Henry Louis Gates Jr. hailed Sven Beckert’s Capitalism: A Global History as “certain to become a canonical work of history” and I can think of no better way than that to introduce my sentiments: this book is canonical. Beckert gets right down to the brass tacks of the book quickly, articulating a clear set of questions that he answers through 1000+ pages afterwards: “How did the capitalist revolution begin? How did a form of economic life that was such a breakaway from previous history spread around the world and into more spheres of life? How did we move from a society in which markets were embedded in social relations to one in which social relations are embedded in markets? By what mechanism has capitalism evolved and changed over time? And where are we in its history today?” If those aren’t your questions, this probably isn’t the book for you. Thankfully, they apply to several disciplines and inquiries.

It is impossible to tell the story of capitalism without Europe. Not because of a superiority of application or conception but based on the sheer volume of violent dispossession and enslavement used to create a hierarchy upon which Europe claimed the top spot for itself. Beckert says the quiet part rather loud: Europe was capitalism’s market-focused engine whose motto became marketization or bust. Unfortunately, we are living in the “busted” remains. Industries in British, Portuguese, French, and Dutch colonies are the economies affected by the remains, where they did not have the same opportunity as Europe, to develop industries on their own terms. Beckert writes about their present commodities as a reflection of past development that refused anything other than what served European interests and barons thereof. Would textiles, coal, diamonds, coffee, sugar, rum, gas, and other cornerstone industries be a GDP priority or dominate a country’s trade if “Western”/Global North countries did not foist them upon colonized subjects? The West owes everything it has to uneven development under capitalism through enslavement, largely of Black and Brown people, as well as often historically erased East Asian people, and subsequent plantation logics intermingled with Fordist and Taylorist productivity and efficiency narratives that still dominate today in management and leadership literatures.

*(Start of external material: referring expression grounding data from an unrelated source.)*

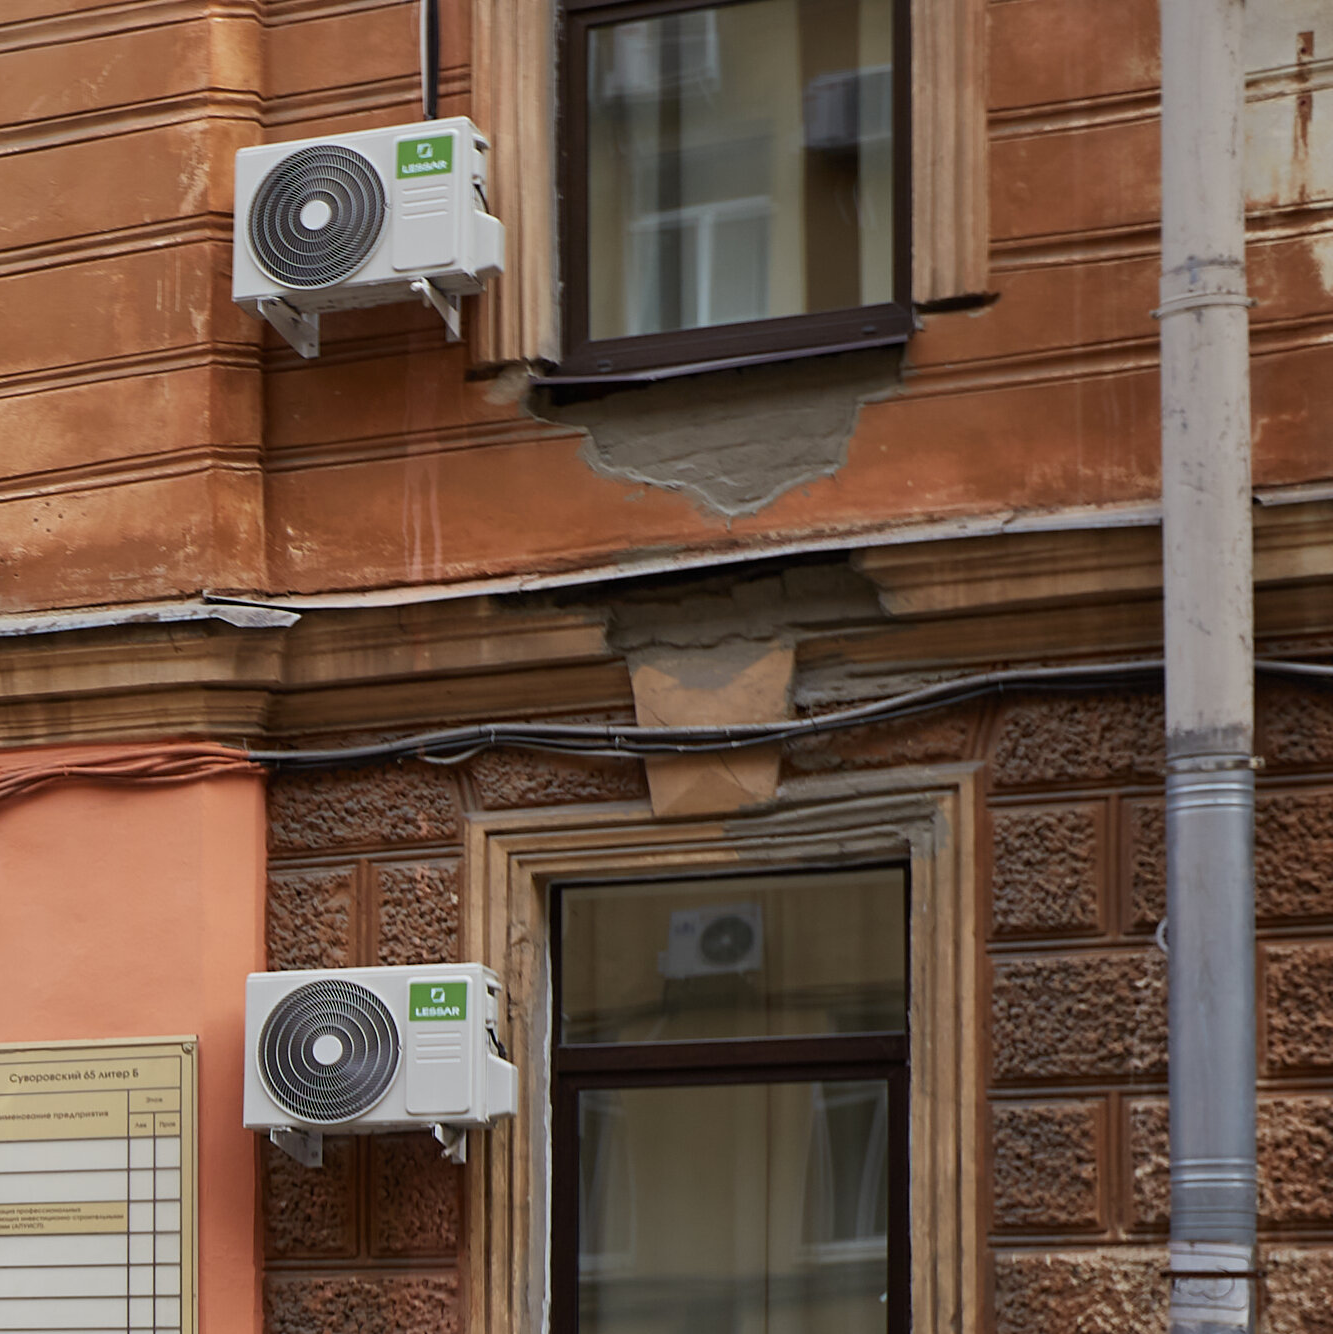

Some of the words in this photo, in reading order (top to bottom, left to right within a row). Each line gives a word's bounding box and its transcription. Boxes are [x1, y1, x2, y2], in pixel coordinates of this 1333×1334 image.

[402, 160, 447, 173] LESSAR
[415, 1006, 460, 1017] LESSAR
[9, 1070, 81, 1084] Суворовский
[83, 1071, 96, 1080] 65
[98, 1071, 130, 1081] литер
[132, 1069, 139, 1078] Б
[52, 1110, 109, 1120] предприятия
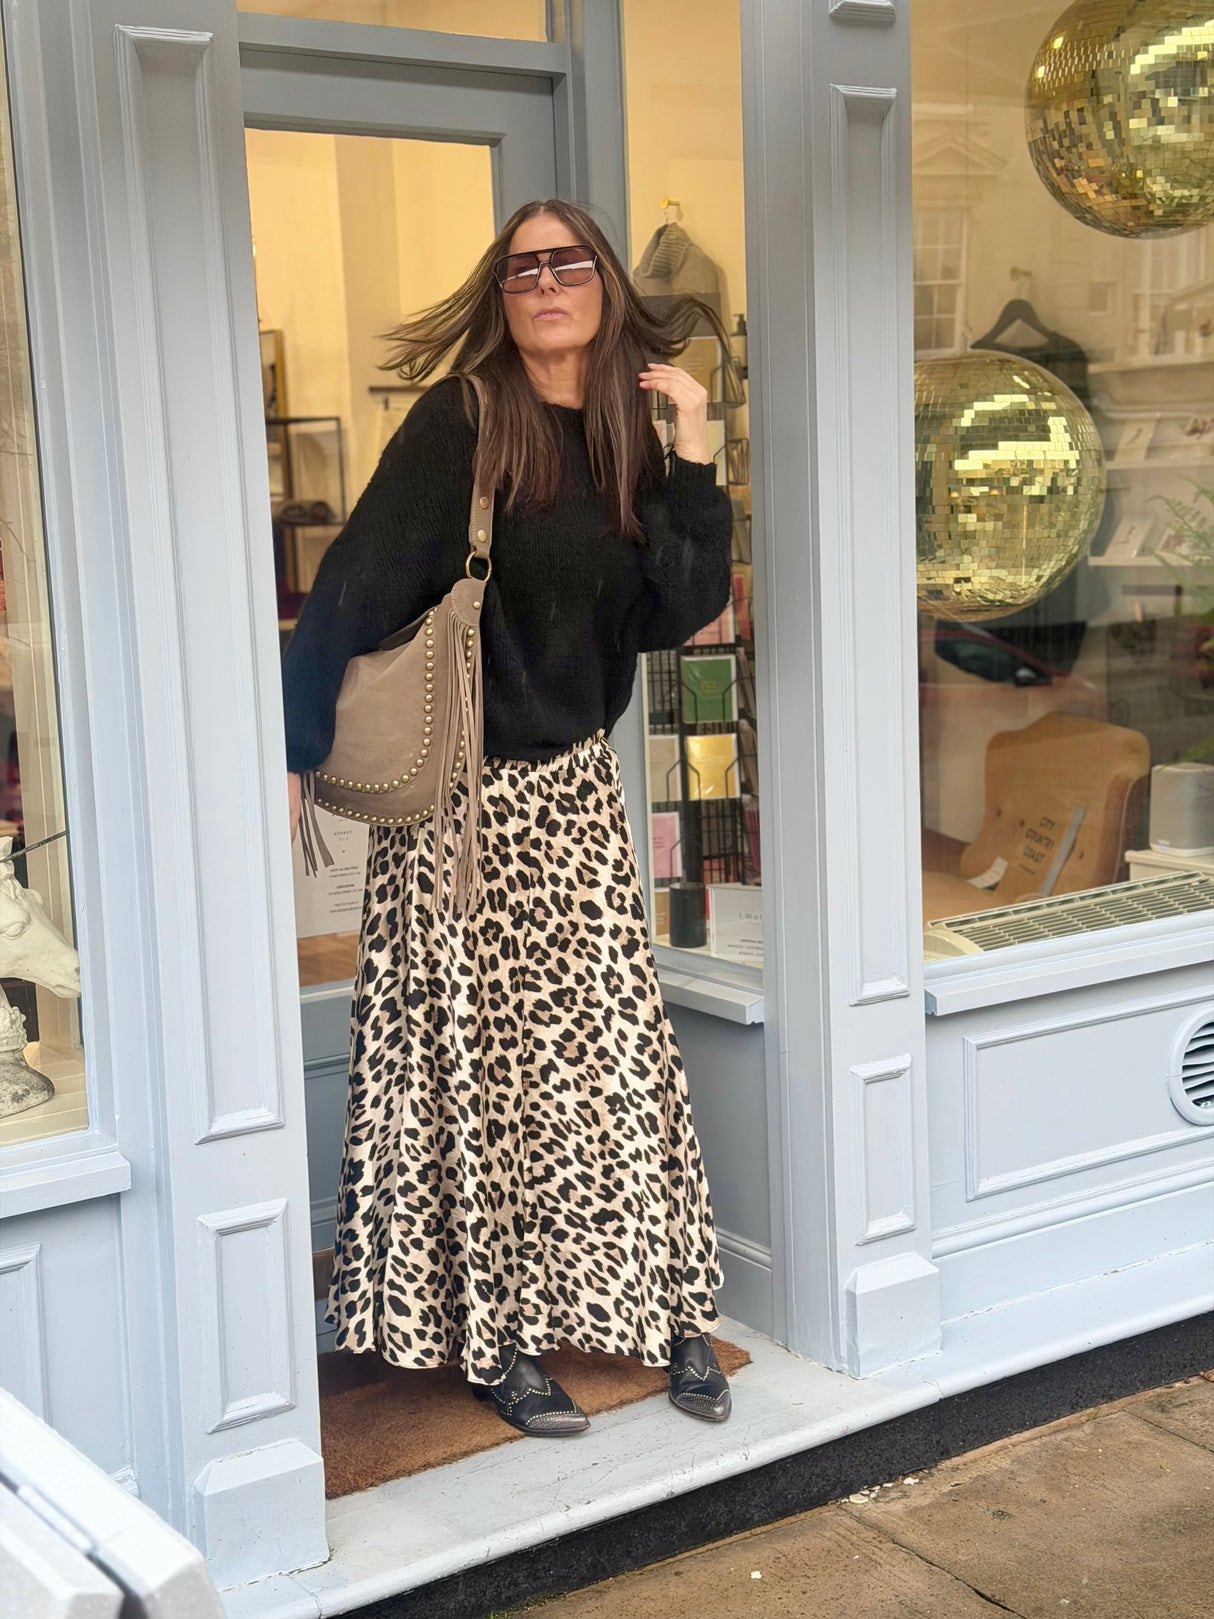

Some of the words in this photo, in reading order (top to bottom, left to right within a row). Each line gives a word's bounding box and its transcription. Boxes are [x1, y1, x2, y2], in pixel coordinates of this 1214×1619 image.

[1039, 815, 1056, 832] CITY
[1025, 828, 1056, 851] COUNTRY
[1023, 846, 1045, 864] COAST
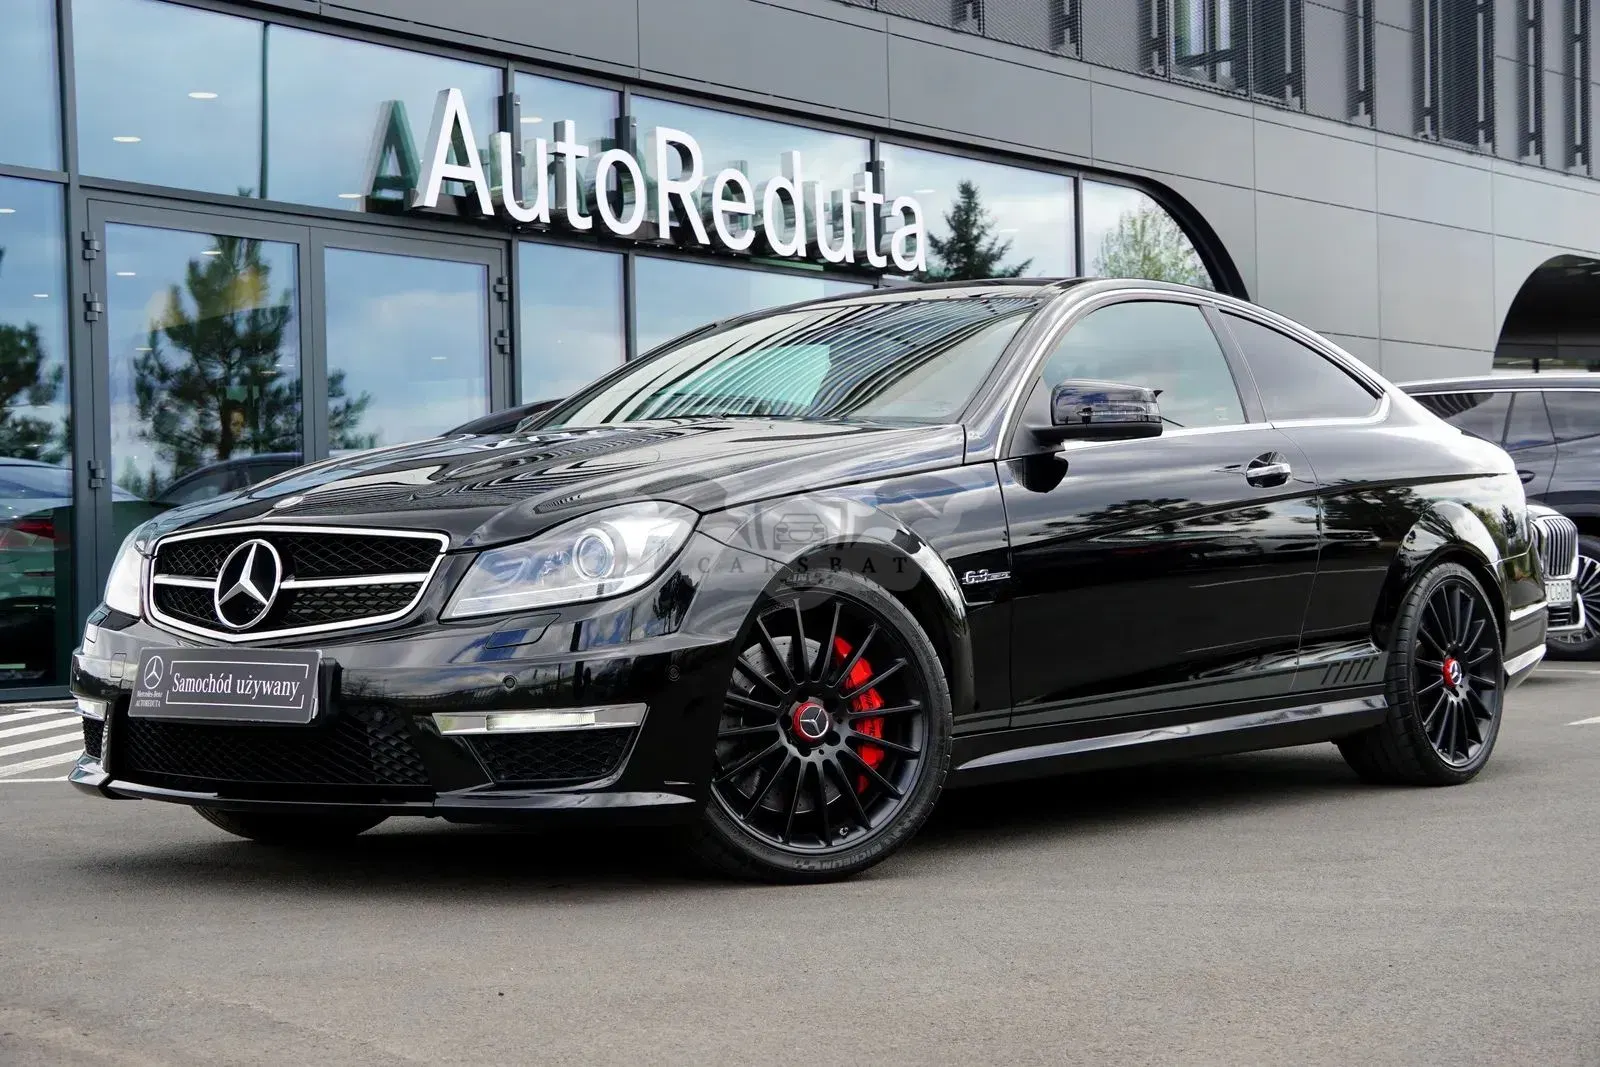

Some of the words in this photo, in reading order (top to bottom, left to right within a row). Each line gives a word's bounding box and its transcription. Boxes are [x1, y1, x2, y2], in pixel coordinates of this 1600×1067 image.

[411, 87, 927, 272] AutoReduta
[172, 672, 232, 694] Samochód
[236, 674, 300, 701] używany

I learned, for example, that the Consolidated Association of the Planters of Louisiana (CAPL) mortgaged enslaved people to securitize them and that “in 1828, the British merchant bank Baring Brothers bought $1.67 million of CAPL bonds to resell on European securities markets” (p.391). In other words, despite countries outlawing slavery, the generational wealth of aristocratic families across colonizing countries was consolidated through mortgaging enslaved people in the United States on global stock markets. He mic-drop clarifies in this sense and shuts down the hollow arguments some might make that Irish people were also enslaved. Yes, they were, and many others were throughout history, but that is not an argument anyone can use to invalidate the historically distinct, formal, organized, and generational brutality of the Atlantic Slave Trade specifically. Irish people and others were not mortgaged and securitized in their enslavement for global profit, beyond what they produced on English plantations. Beckert reviews far more history than this and with greater detail than I could summarize here. I just could not ignore the centrality of slavery to modern capitalism and the wealth that allows one to participate in politics which shapes policies and social relations for even more generations. It will be impossible to read this book and misunderstand what someone means when they say that the world as we know it was built by enslaved people in the United States.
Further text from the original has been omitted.